[THE DATA Boundary: Start]

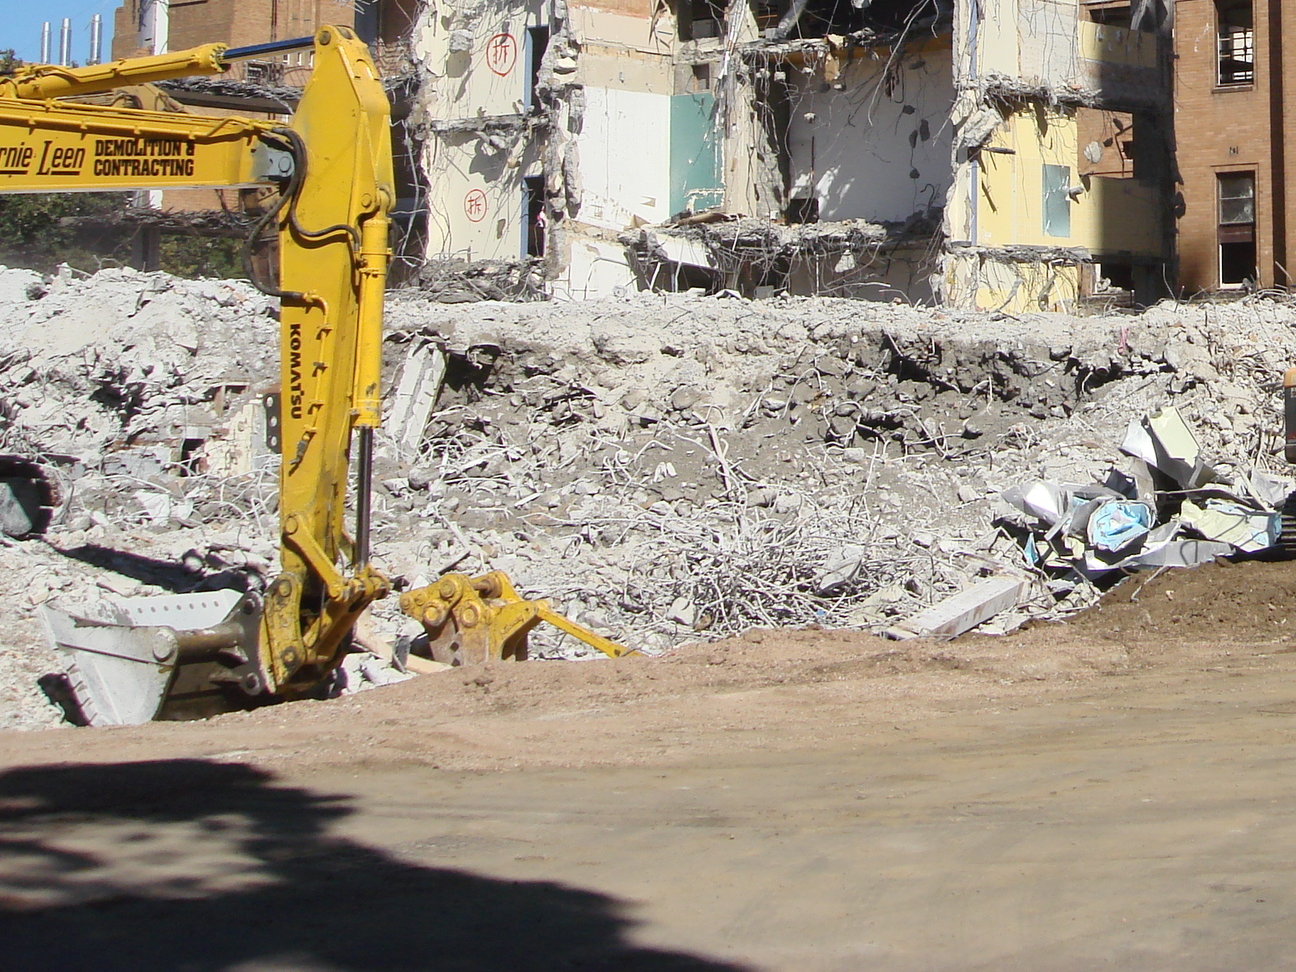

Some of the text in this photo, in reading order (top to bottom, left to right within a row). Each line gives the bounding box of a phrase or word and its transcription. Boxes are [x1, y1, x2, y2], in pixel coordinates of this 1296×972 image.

[36, 140, 86, 176] Leen
[94, 138, 195, 157] DEMOLITION &
[93, 158, 194, 177] CONTRACTING
[289, 323, 304, 420] KOMATSU
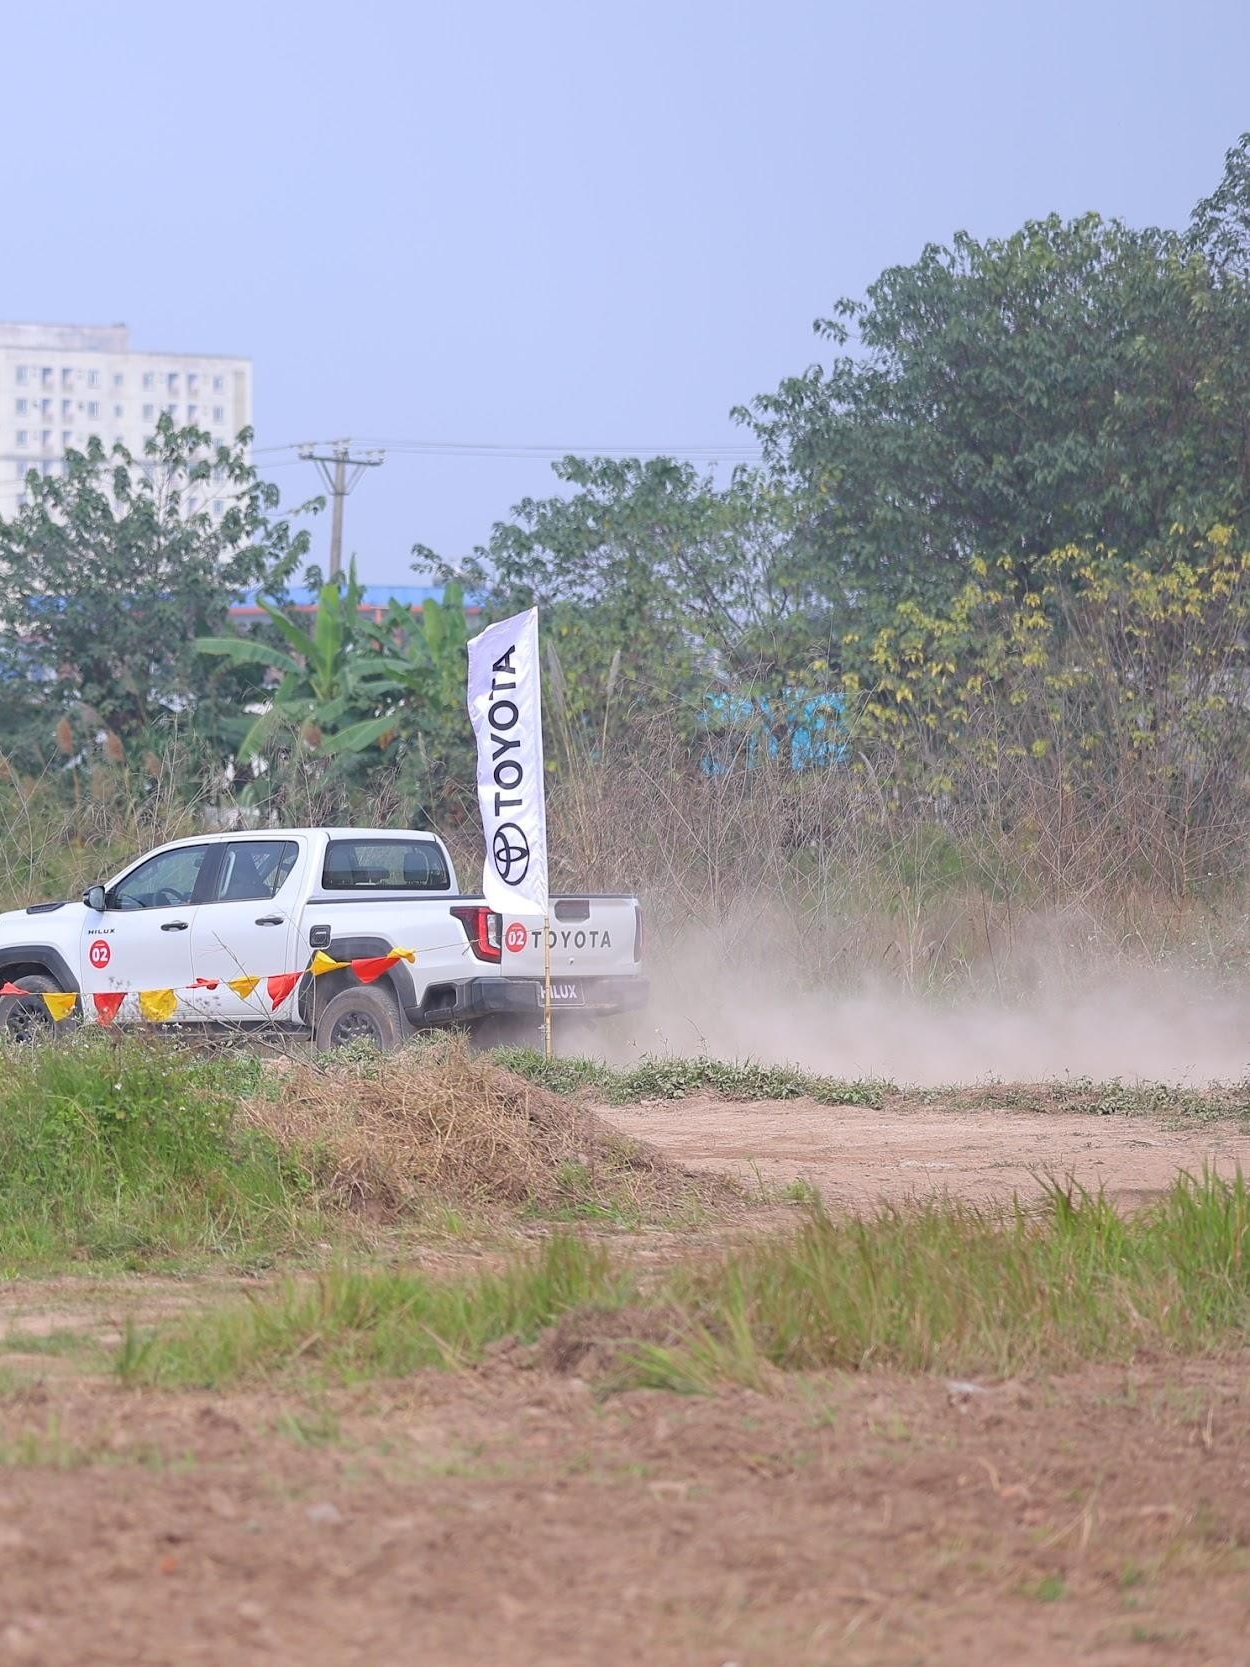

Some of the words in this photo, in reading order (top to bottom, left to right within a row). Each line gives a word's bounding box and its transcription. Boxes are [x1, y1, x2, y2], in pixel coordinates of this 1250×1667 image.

[488, 644, 523, 817] TOYOTA
[508, 931, 524, 946] 02
[532, 931, 611, 948] TOYOTA
[92, 947, 108, 962] 02

[THE DATA Boundary: End]

- [WHAT YOU WILL DO] Could the entries be output exactly as written, but without their images?

- [TASK OUTPUT]
Some of the text in this photo, in reading order (top to bottom, left to right within a row). Each line gives the bounding box of a phrase or word and its transcription. Boxes are [x1, y1, x2, y2], in pixel coordinates of this 1296×972 image.

[36, 140, 86, 176] Leen
[94, 138, 195, 157] DEMOLITION &
[93, 158, 194, 177] CONTRACTING
[289, 323, 304, 420] KOMATSU

Some of the words in this photo, in reading order (top to bottom, left to right within a row). Each line gives a word's bounding box and its transcription. Boxes are [x1, y1, x2, y2], in pixel coordinates of this 1250×1667 image.

[488, 644, 523, 817] TOYOTA
[508, 931, 524, 946] 02
[532, 931, 611, 948] TOYOTA
[92, 947, 108, 962] 02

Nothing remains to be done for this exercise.